Work to complete — Write every entry out again exactly, please, and skip the pictures.

Exercise materials —
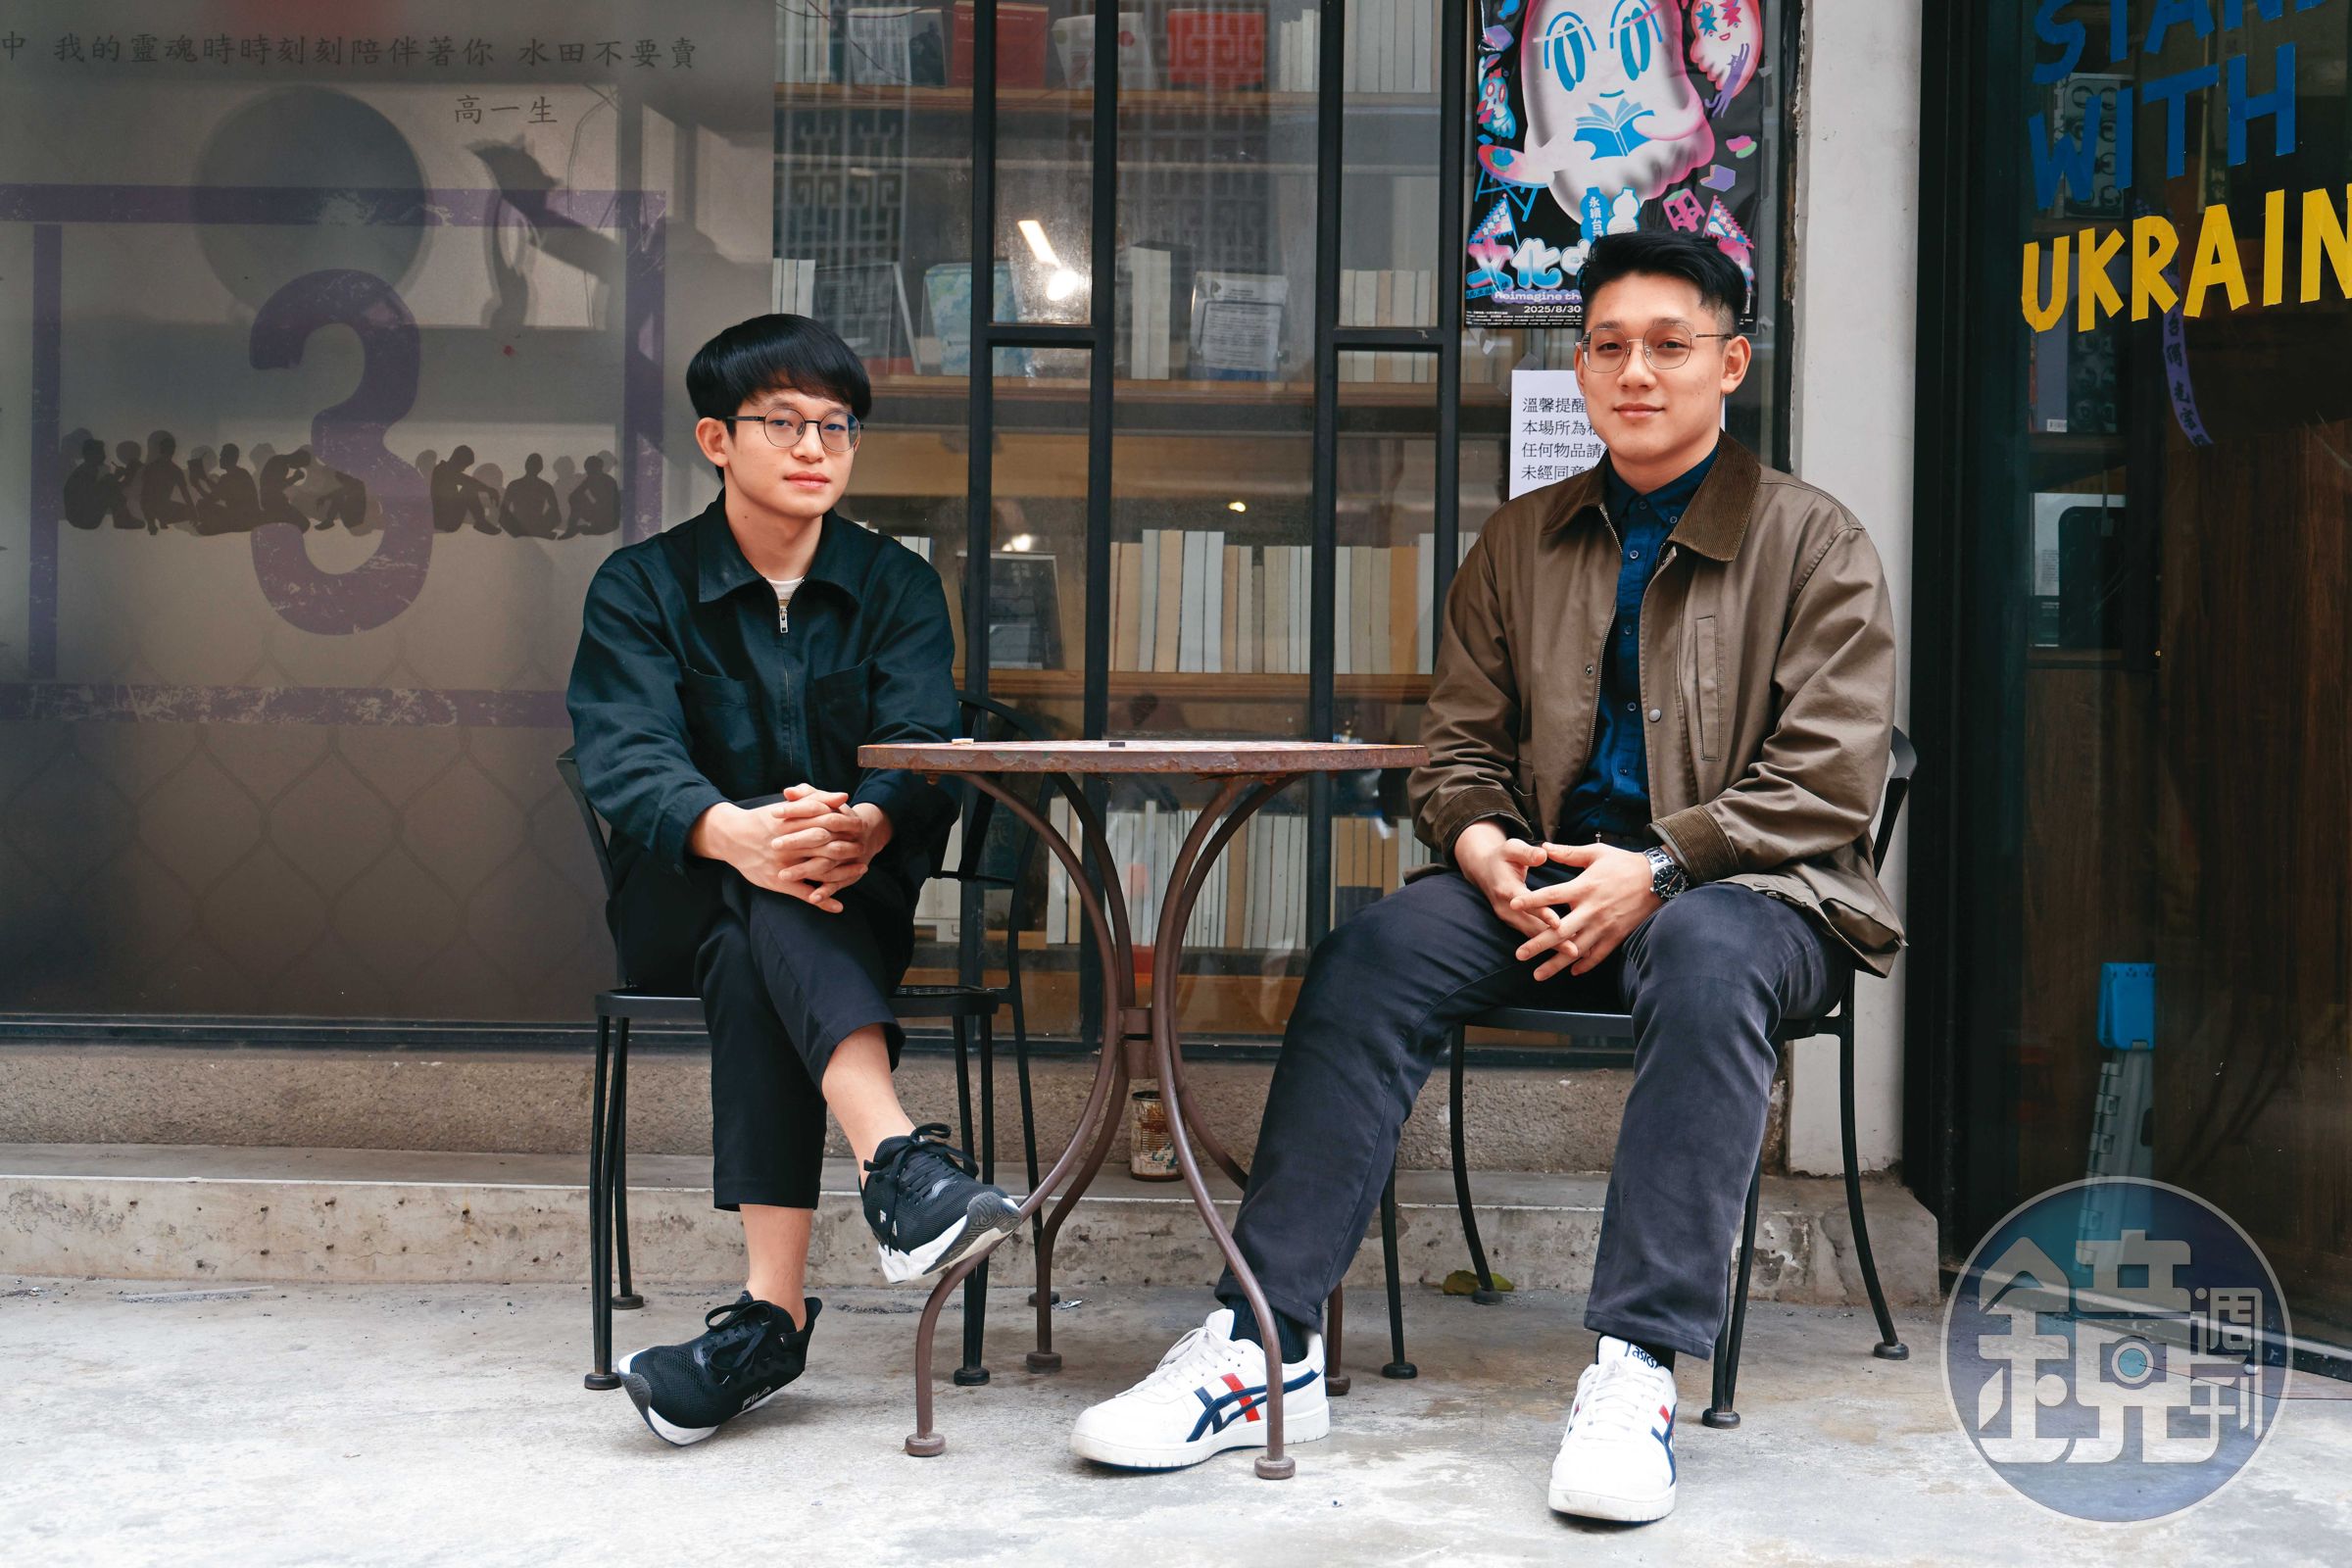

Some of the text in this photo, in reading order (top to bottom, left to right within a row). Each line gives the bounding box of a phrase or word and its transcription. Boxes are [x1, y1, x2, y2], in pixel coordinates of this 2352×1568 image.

[1, 30, 697, 70] 中 我的靈魂時時刻刻陪伴著你 水田不要賣
[454, 94, 558, 125] 高一生
[2028, 42, 2296, 210] WITH
[2020, 183, 2352, 333] UKRAIN
[1565, 291, 1583, 301] th
[1523, 305, 1582, 314] 2025/8/30
[1522, 397, 1587, 414] 溫馨提醒
[1521, 442, 1607, 459] 任何物品請
[1631, 1346, 1655, 1369] asics
[741, 1386, 772, 1410] FILA

Your response —
Some of the text in this photo, in reading order (top to bottom, left to right within a row). Each line gives the bounding box of a phrase or word and its transcription. Boxes are [x1, y1, x2, y2], in pixel coordinates of this 2352×1568 image.

[1, 30, 697, 70] 中 我的靈魂時時刻刻陪伴著你 水田不要賣
[454, 94, 558, 125] 高一生
[2028, 42, 2296, 210] WITH
[2020, 183, 2352, 333] UKRAIN
[1565, 291, 1583, 301] th
[1523, 305, 1582, 314] 2025/8/30
[1522, 397, 1587, 414] 溫馨提醒
[1521, 442, 1607, 459] 任何物品請
[1631, 1346, 1655, 1369] asics
[741, 1386, 772, 1410] FILA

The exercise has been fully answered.